Missing only the odd or even-numbered transponders is usually caused by a loose, moist or corroded coax connection at the dish, ground block or multiswitch.

Do both R10 tuners show the same thing? Do you other Receivers show the same readings?


----------



## litzdog911 (Jun 23, 2004)

BattleZone said:


> Hate to tell you, but your TiVo is near death. On average, they tend to last 4-5 years, and lots and lots of them are reaching their last days.


This doesn't sound like the typical "dead Tivo" problem, though. Looks like a signal/cable issue.


----------



## Snook boy (Jun 29, 2009)

litzdog911 said:


> Missing only the odd or even-numbered transponders is usually caused by a loose, moist or corroded coax connection at the dish, ground block or multiswitch.
> 
> Do both R10 tuners show the same thing? Do you other Receivers show the same readings?


I checked out the connections behind the R10 as well as outside at the multi switch. All connections were tight. Its dark right now so I'll have to wait till morning to get on the roof and check the connection at the dish.

Yes, it seems that both tuners on the R10 were showing the same readings. However the wife is deeply engrossed in "The Bachelorette" right now....... I dont dare go in the living room and ask if I can test signal strengths readings on the HR20.

Again, the HR20 in the living room is pretty much working fine, except for a few channels that just say "searching for Sat. in 2....... 771", and the R10 seems to be dead in the water.

Thanks again so much, I really appreciate the help.


----------



## litzdog911 (Jun 23, 2004)

Check to see if your HR20 is also showing those missing even-numbered transponders. If it is (check both tuners), then you know the problem is at the dish or the input to the multiswitch. If it's not, then the problem is on the connectors/cables from the multiswitch outputs to your R10.


----------



## ThomasM (Jul 20, 2007)

Once again, I suggest "swapping" receivers. See if your problems follow with the receiver OR THE LOCATION.

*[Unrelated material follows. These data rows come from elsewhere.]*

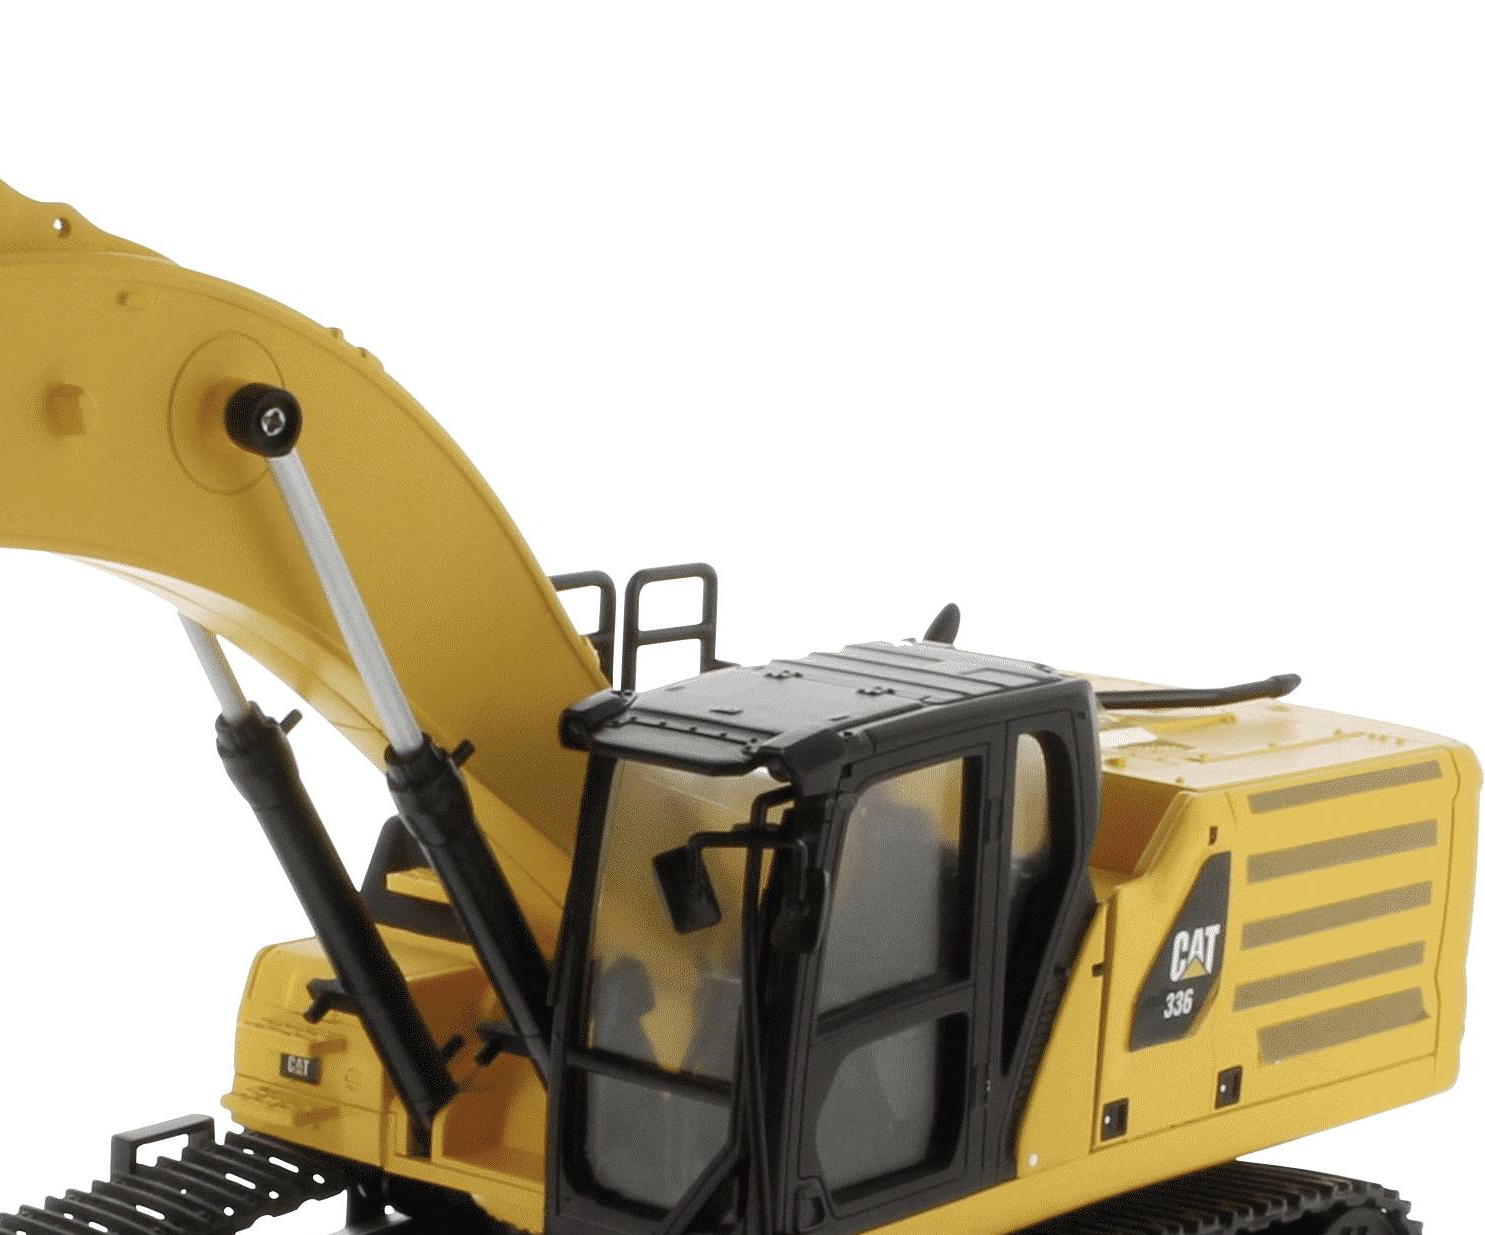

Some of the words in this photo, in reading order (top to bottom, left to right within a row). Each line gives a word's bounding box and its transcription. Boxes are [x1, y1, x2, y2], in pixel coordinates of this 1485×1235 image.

[1170, 923, 1221, 982] CAT
[1163, 988, 1194, 1019] 336
[287, 1055, 310, 1077] CAT
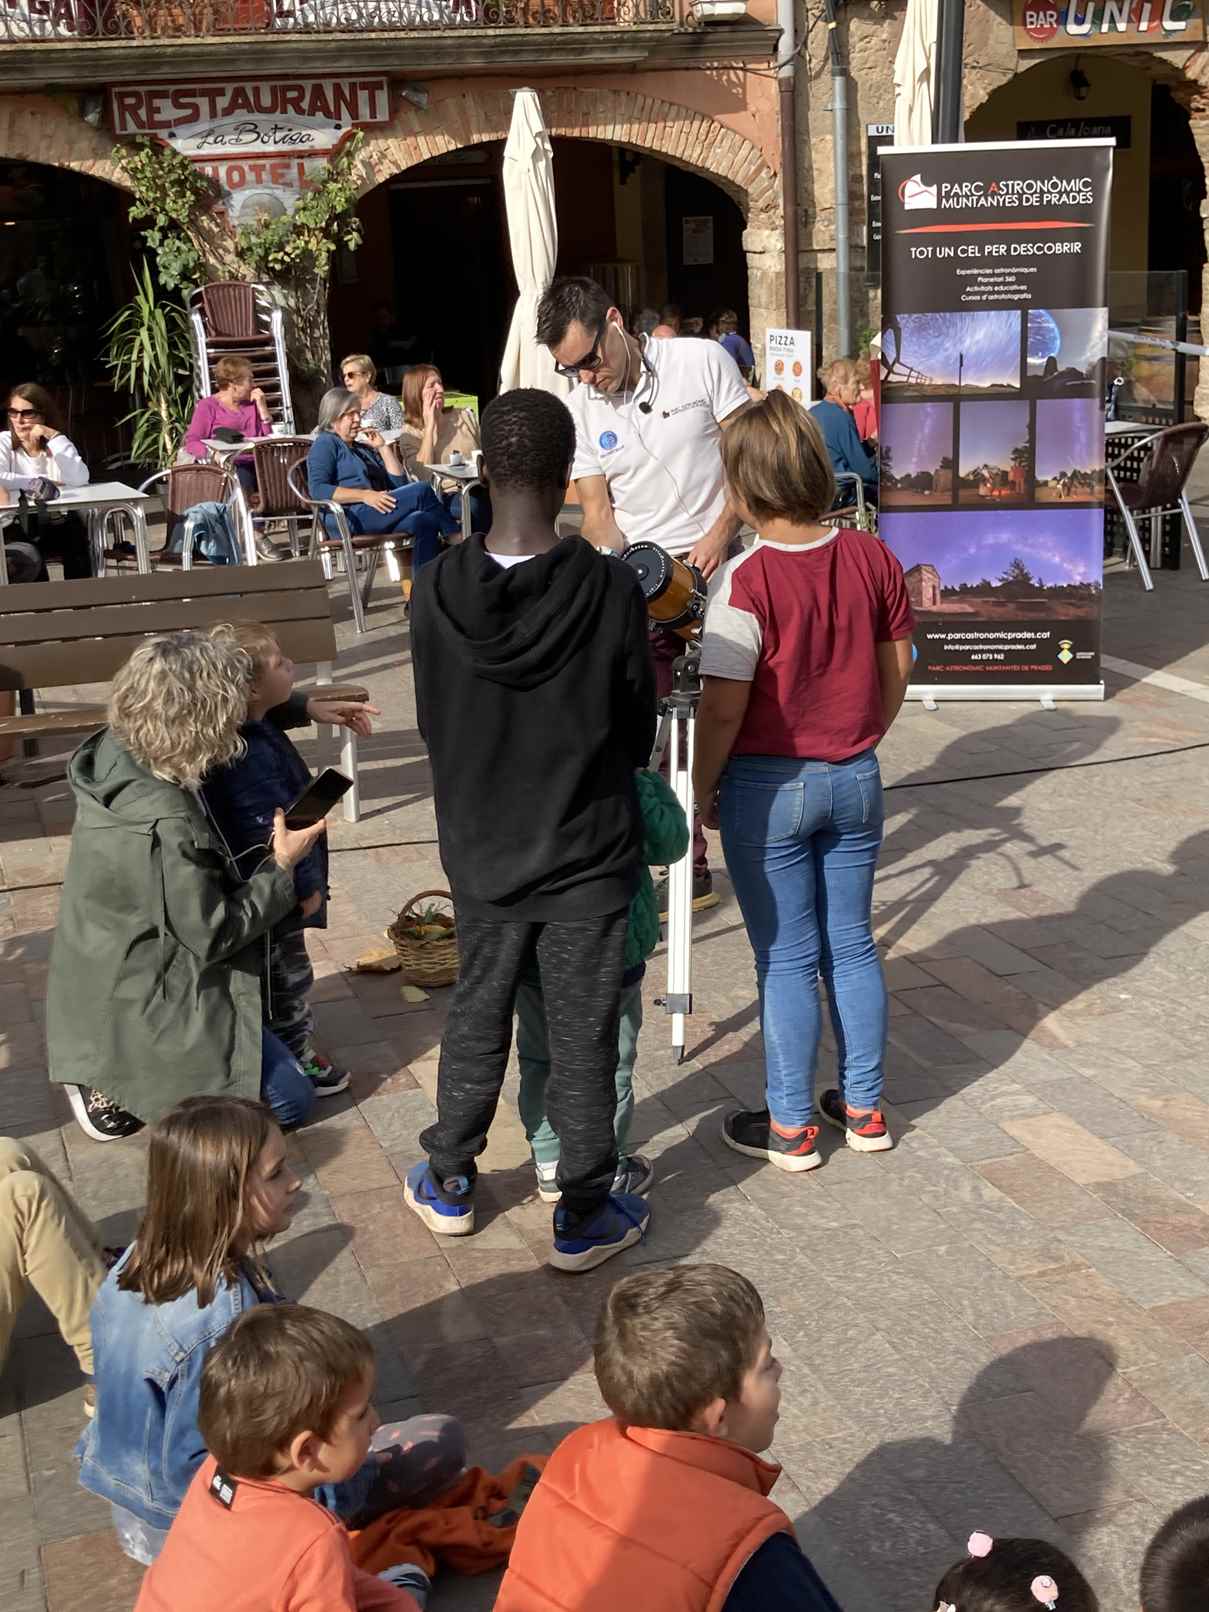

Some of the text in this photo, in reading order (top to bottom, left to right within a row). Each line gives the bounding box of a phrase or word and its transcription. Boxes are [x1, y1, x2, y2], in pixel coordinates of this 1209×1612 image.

[1026, 11, 1057, 29] BAR
[117, 81, 384, 131] RESTAURANT
[197, 122, 315, 149] La Botiga
[941, 176, 1092, 196] PARC ASTRONÒMIC
[941, 191, 1093, 209] MUNTANYES DE PRADES
[911, 242, 1082, 259] TOT UN CEL PER DESCOBRIR
[769, 335, 796, 346] PIZZA
[926, 631, 1051, 640] www.parcastronomicprades.cat
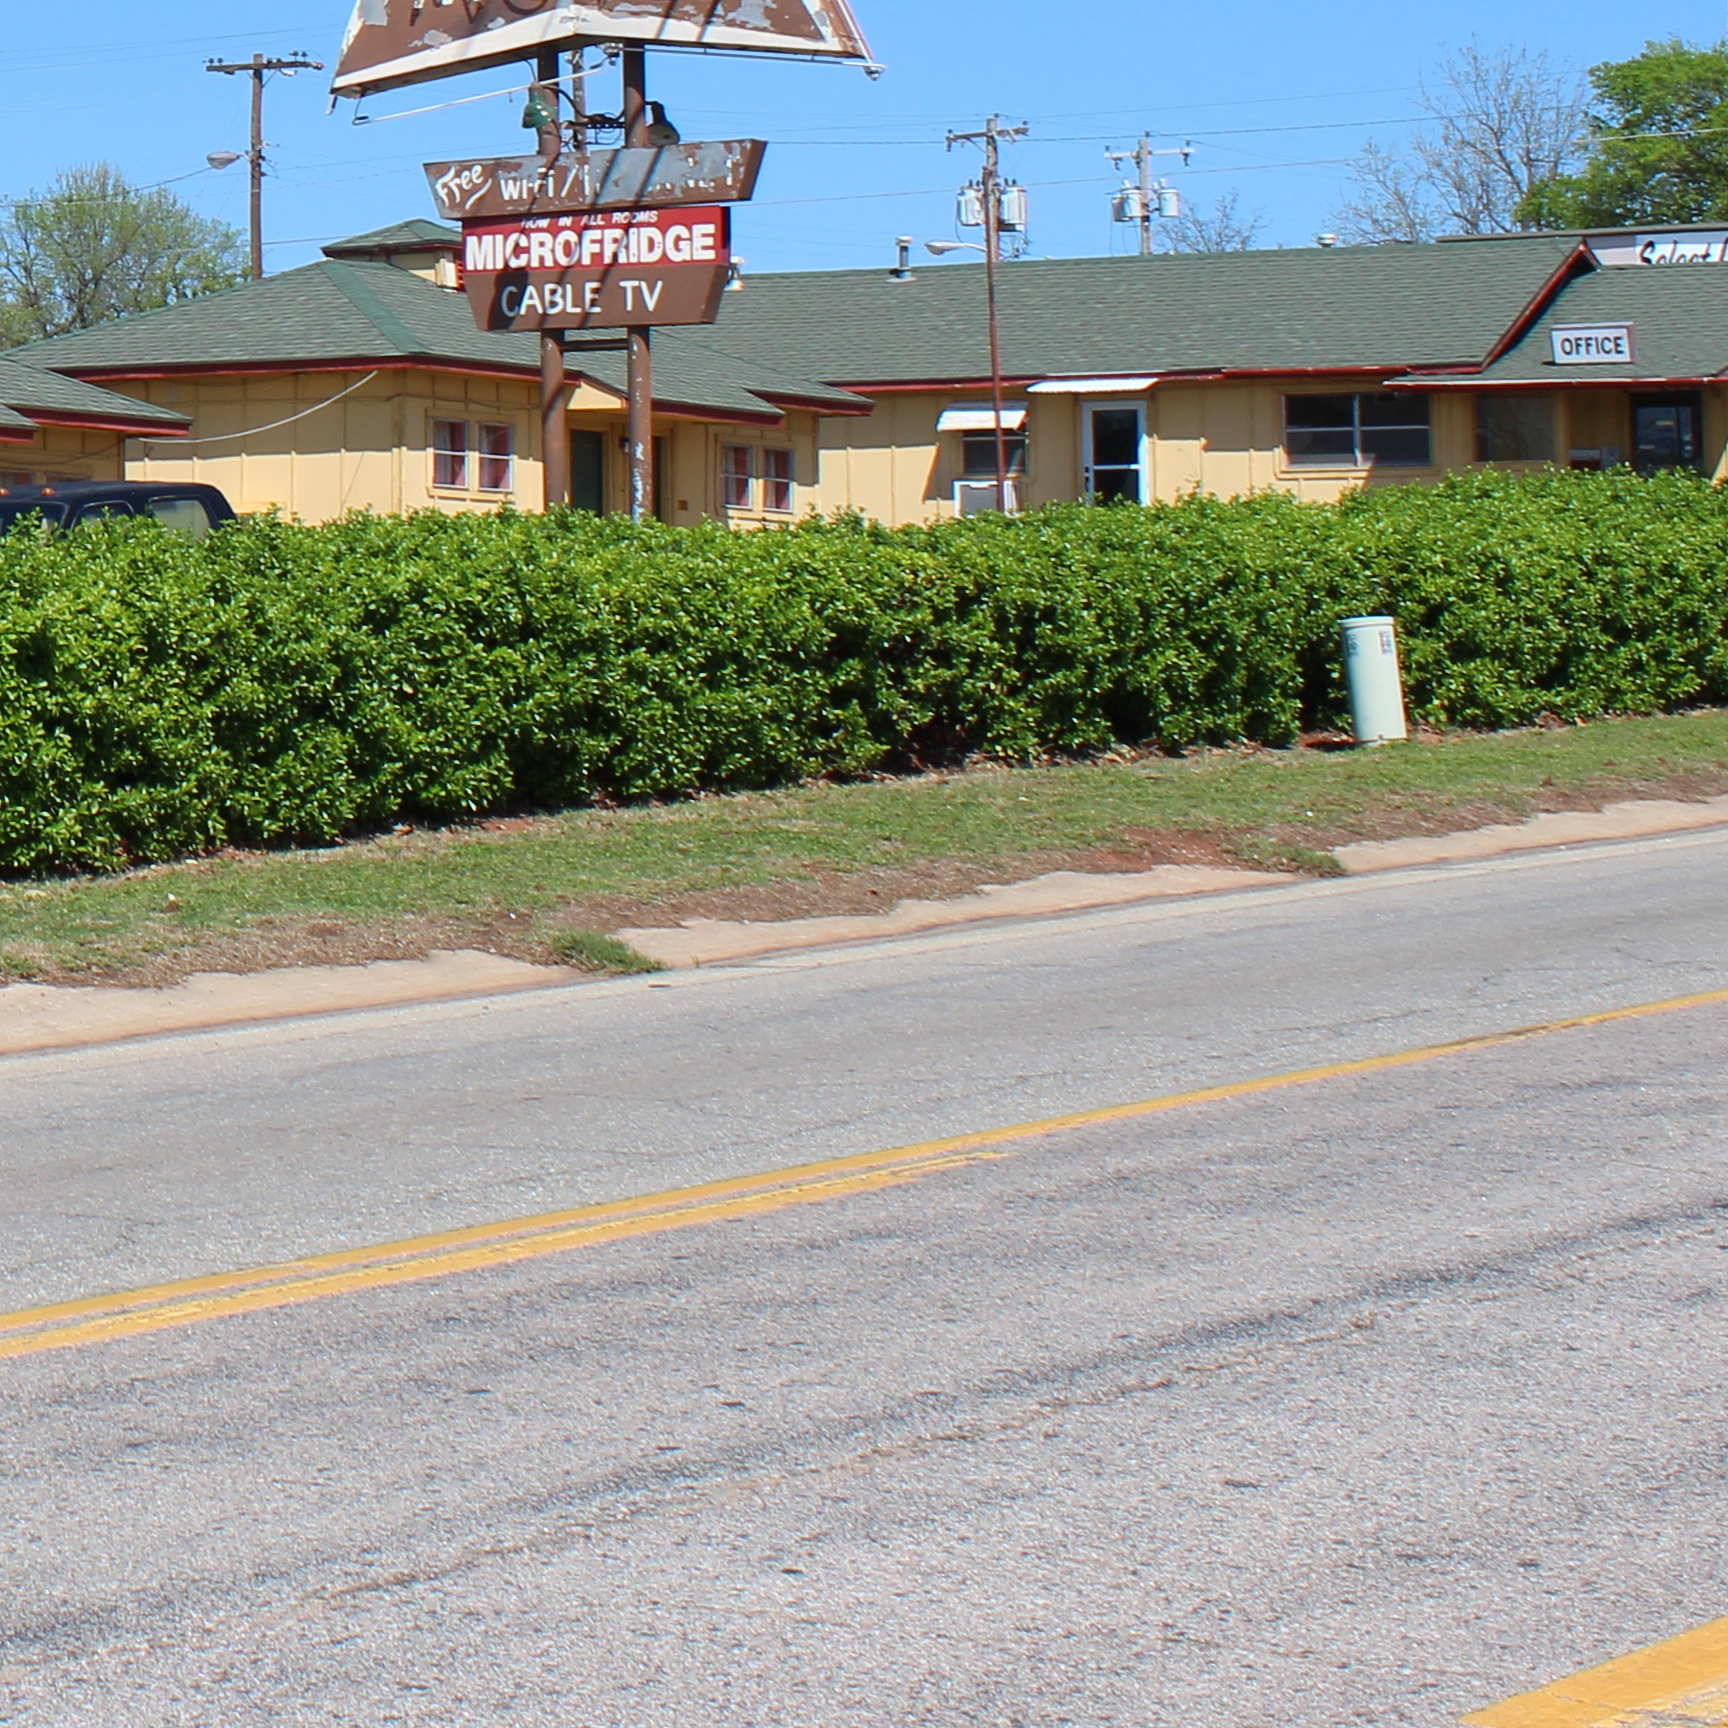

Since you are having problems with BOTH receivers missing channels/transponders, it's unlikely that you are having a receiver problem but more likely a cabling/multiswitch/dish issue. If you can't solve the problem by checking on these items, I'd either consider paying for a service call OR signing up for the "Protection Plan". The downside to the protection plan is that you have to wait 30 days before you can get service under it. The plus side is that for $72 EVERYTHING is covered FOR THE NEXT YEAR. ($6 per month one year minimum commitment)


----------